Correspondence to: You-Yong Lu, Peking University School of Oncology, No. 52 Fu-Cheng Road, Haidian District, Beijing 100036, China. yongylu@public.bta.net.cn
Telephone: +86-10-88196765
Fax: +86-10-88122437
Received: November 9, 2007
Revised: November 16, 2007
Published online: March 14, 2008

Abstract

AIM: To explore the contribution of AXIN1, AXIN2 and beta-catenin, components of Wnt signaling pathway, to the carcinogenesis of gastric cancer (GC), we examined AXIN1, AXIN2 exon7 and CTNNB1 (encoding beta-catenin) exon3 mutations in 70 GCs.

METHODS: The presence of mutations was identified by polymerase chain reaction (PCR)-based denaturing high-performance liquid chromatography and direct DNA sequencing. Beta-catenin expression was detected by immunohistochemical analysis.

RESULTS: Among the 70 GCs, 5 (7.1%) had mutations in one or two of these three components. A frameshift mutation (1 bp deletion) in exon7 of AXIN2 was found in one case. Four cases, including the case with a mutation in AXIN2, had frameshift mutations and missense mutations in AXIN1. Five single nucleotide polymorphisms (SNPs), 334 C>T, 874 C>T, 1396 G>A, 1690 C>T and 1942 T>G, were identified in AXIN1. A frameshift mutation (27 bp deletion) spanning exon3 of CTNNB1 was observed in one case. All four cases with mutations in AXIN1 and AXIN2 showed nuclear beta-catenin expression.

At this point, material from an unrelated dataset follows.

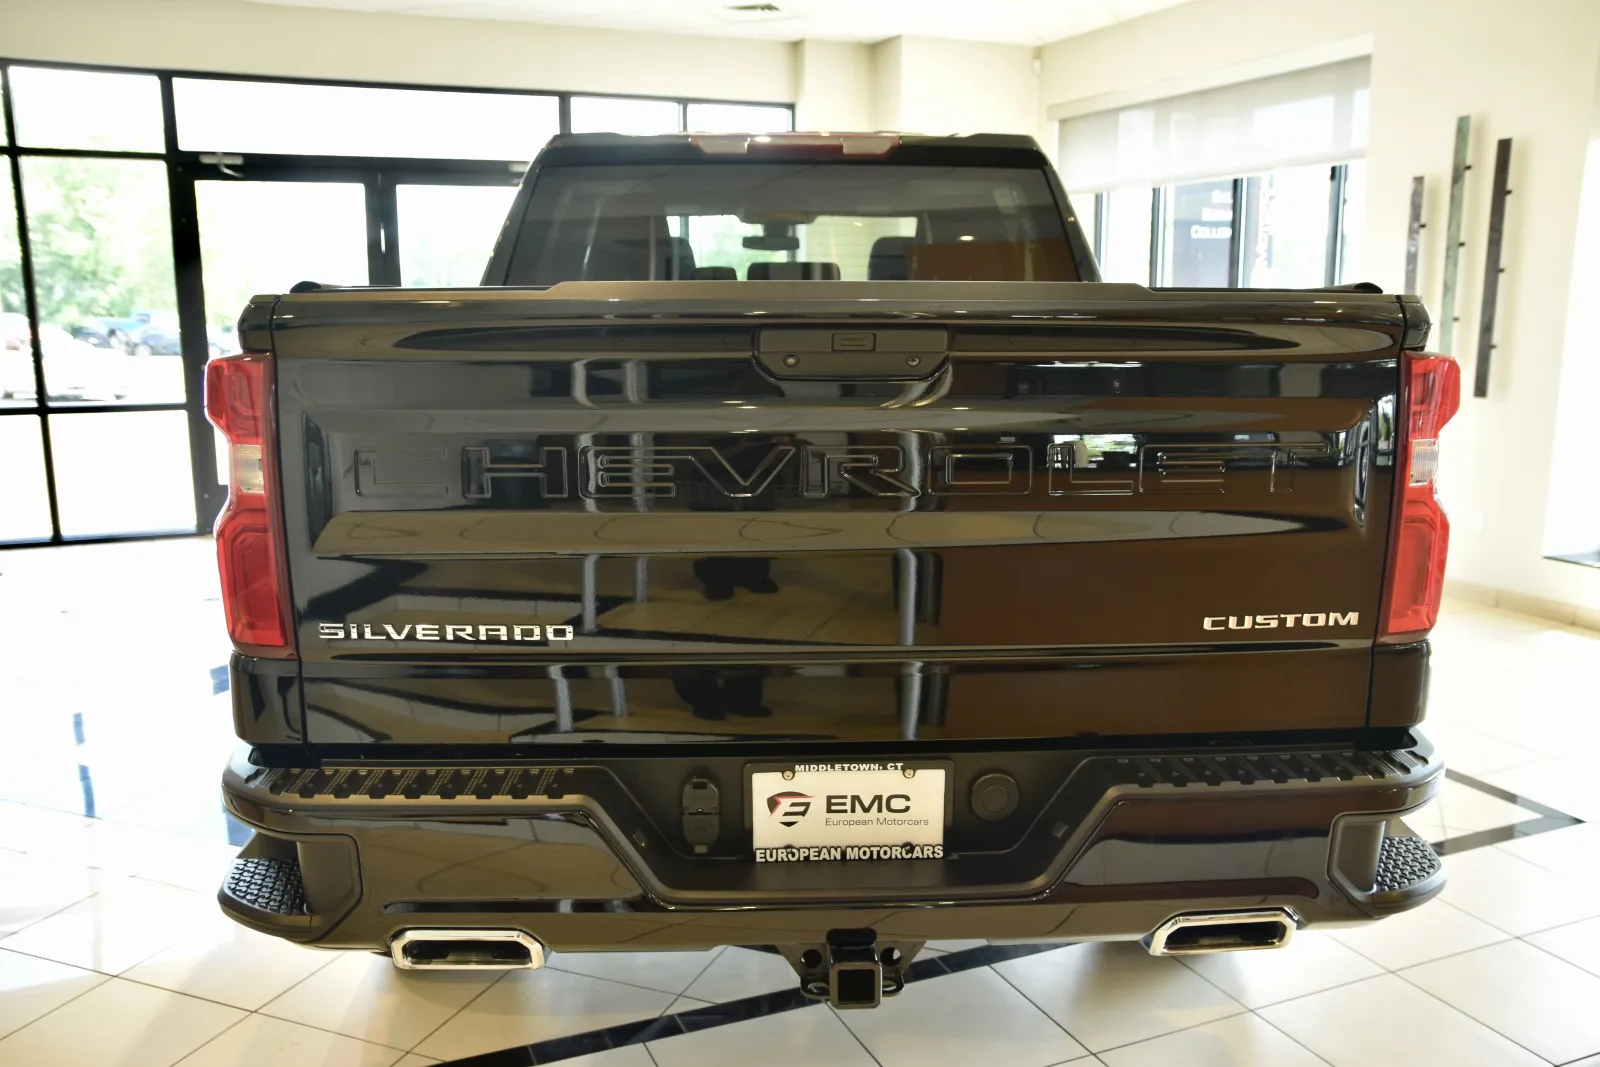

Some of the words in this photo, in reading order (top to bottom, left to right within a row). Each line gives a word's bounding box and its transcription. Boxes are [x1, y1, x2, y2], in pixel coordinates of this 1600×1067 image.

CONCLUSION: These data indicate that the mutations in AXIN1 and AXIN2 may contribute to gastric carcinogenesis.

Key Words: AXIN1; AXIN2; β-catenin; Wnt signaling pathway; Gastric cancer



INTRODUCTION

The Wnt signaling pathway plays an essential role in human cancer development[13]. Wnt stabilizes cytoplasmic β-catenin, which stimulates the expression of genes including c-myc, c-jun, fra-1 and cyclin D1[45]. AXIN1 and its homologue AXIN2, newly recognized as components of the Wnt signaling pathway, negatively regulate this pathway[67]. Other components of the Wnt signaling pathway, including β-catenin and adenomatous polyposis coli (APC), interact with AXIN, and the phosphorylation and stability of β-catenin are regulated in the AXIN complex[5].

AXIN1 is thought to be critical for degrading cytoplasmic β-catenin. Different domains of AXIN1 were shown to interact with APC, GSK-3β, β-catenin, PP2Ac and AXIN itself[89]. The function of AXIN1 in promoting β-catenin degradation suggests that it serves as a tumor suppressor. AXIN1 mutations have been reported in a variety of human carcinomas including sporadic medulloblastomas, hepatocellular carcinomas and colorectal cancers[1013], suggesting that AXIN1 may be involved in the development of these tumors.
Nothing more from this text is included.